Seine Waffe war das Messer, und er war ein ausgezeichneter Kämpfer, der weder Tod noch Teufel fürchtete. Aber selbst wenn er in größte Wut versetzt wurde, blieb er in jeder Auseinandersetzung stets fair und ehrlich und bediente sich keiner üblen Tricks.
Und so waren sie alle, die Männer der „Caribian Queen“: Kerle, bei deren Anblick allein man das kalte Grausen bekam, aber eben doch keine Galgenstricke, die jedem die Gurgel durchschnitten. Sie gehörten zum Bund der Korsaren und hielten große Stücke auf die Rote Korsarin, Philip Hasard Killigrew, Arne von Manteuffel, Thorfin Njal, Jean Ribault und Jerry Reeves. Die ungeschriebenen Regeln einer sauberen Kampfesweise waren ihnen Gesetz, und sie hielten sich – ohne Ausnahme – strikt daran.
In dieser Nacht nun, der Nacht vom 4. auf den 5. Oktober 1594, hockte Barry Winston im Großmars der „Caribian Queen“ und grinste breit. Er hatte auch allen Grund dazu – denn erstens war das Unternehmen auf den Bahamas gegen Sir John Killigrew, Sir Andrew Clifford und Sir Henry, den Duke of Battingham, erfolgreich abgeschlossen worden, und, was am allerwichtigsten war, der Seewolf war nach dem Schuß in den Rücken, den Clifford ihm verpaßt hatte, am Leben geblieben und wieder genesen.
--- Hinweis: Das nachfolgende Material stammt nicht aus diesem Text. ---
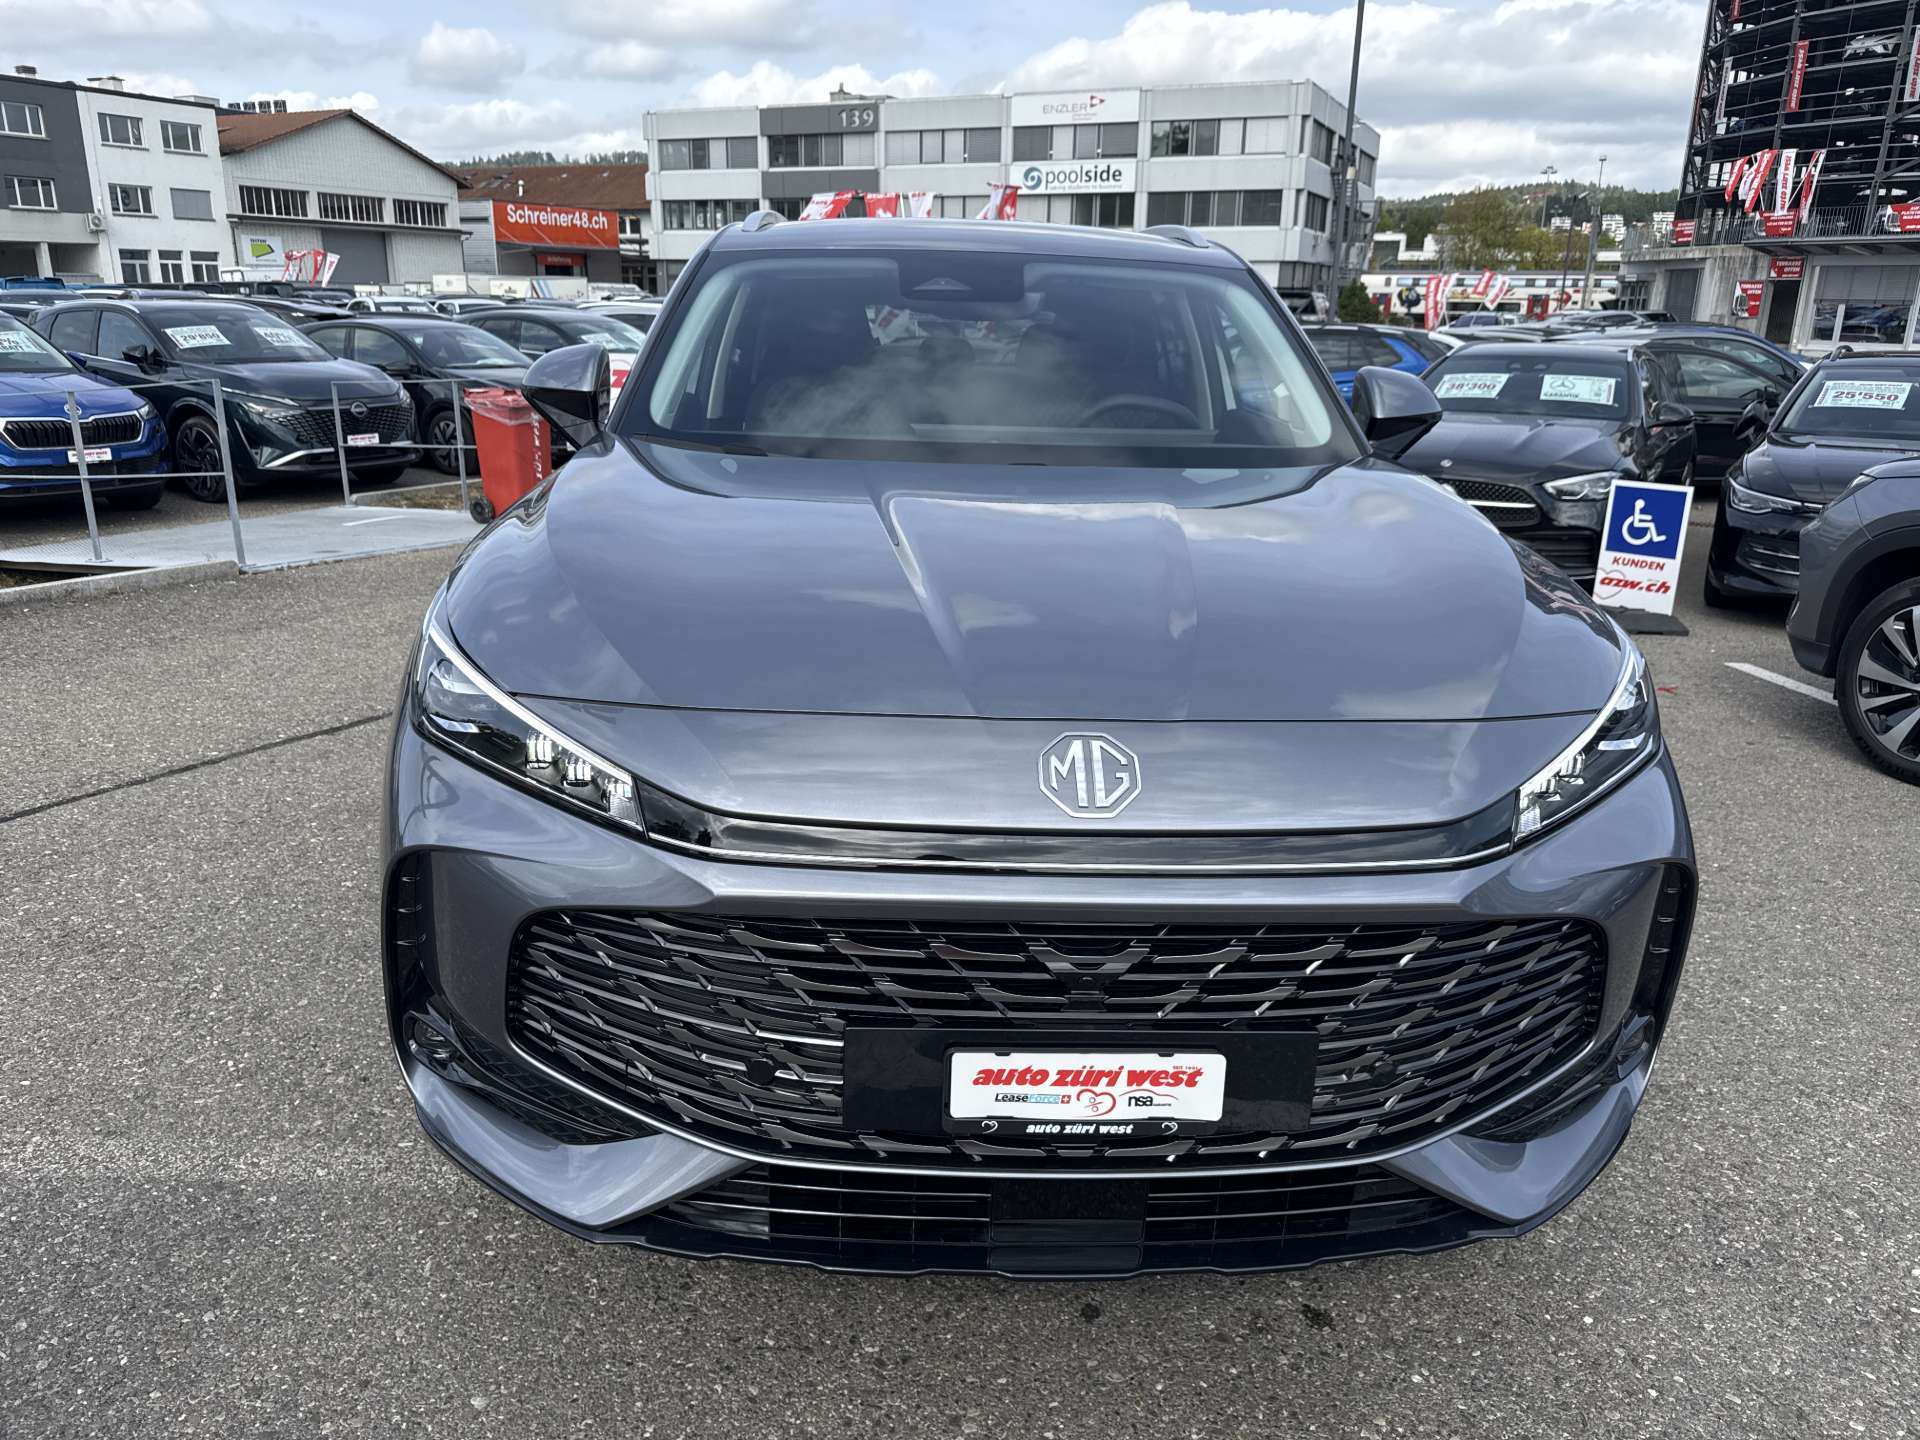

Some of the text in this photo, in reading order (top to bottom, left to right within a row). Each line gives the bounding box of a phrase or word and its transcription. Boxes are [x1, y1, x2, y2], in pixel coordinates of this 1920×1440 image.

Zweitens hatte man, zur Schlangen-Insel zurückgekehrt, beschlossen, zu den Silberminen von Potosi aufzubrechen, und zum erstenmal waren drei Crews an Bord der „Caribian Queen“ bis zum Ende der Überfahrt vereint: Hasard und seine Männer, Jean Ribault und dessen Mannschaft sowie die reguläre Besatzung des Zweideckers unter dem Kommando von Siri-Tong, außerdem – und nicht zu vergessen – Araua, die Tochter von Arkana.
Der dritte Grund für Barrys Heiterkeit war die Tatsache, daß man dem aufgeblasenen Schnapphahn Luis Campos, genannt der Admiral, soeben eine empfindliche Schlappe beigebracht hatte. Dieser Kerl hatte sich auf Tortuga an Siri-Tong heranschleichen wollen, weil er offenbar von ihr fasziniert war. Sie hatte ihn kalt abfahren lassen und zum Teufel geschickt. Am Morgen des 4. Oktober verließ die „Caribian Queen“ Tortuga wieder und nahm Kurs durch die Windward-Passage – und schon geschah es: Drei Zweimastschaluppen hingen in ihrem Kielwasser, schnelle Schiffchen, die mit Drehbassen bestückt waren.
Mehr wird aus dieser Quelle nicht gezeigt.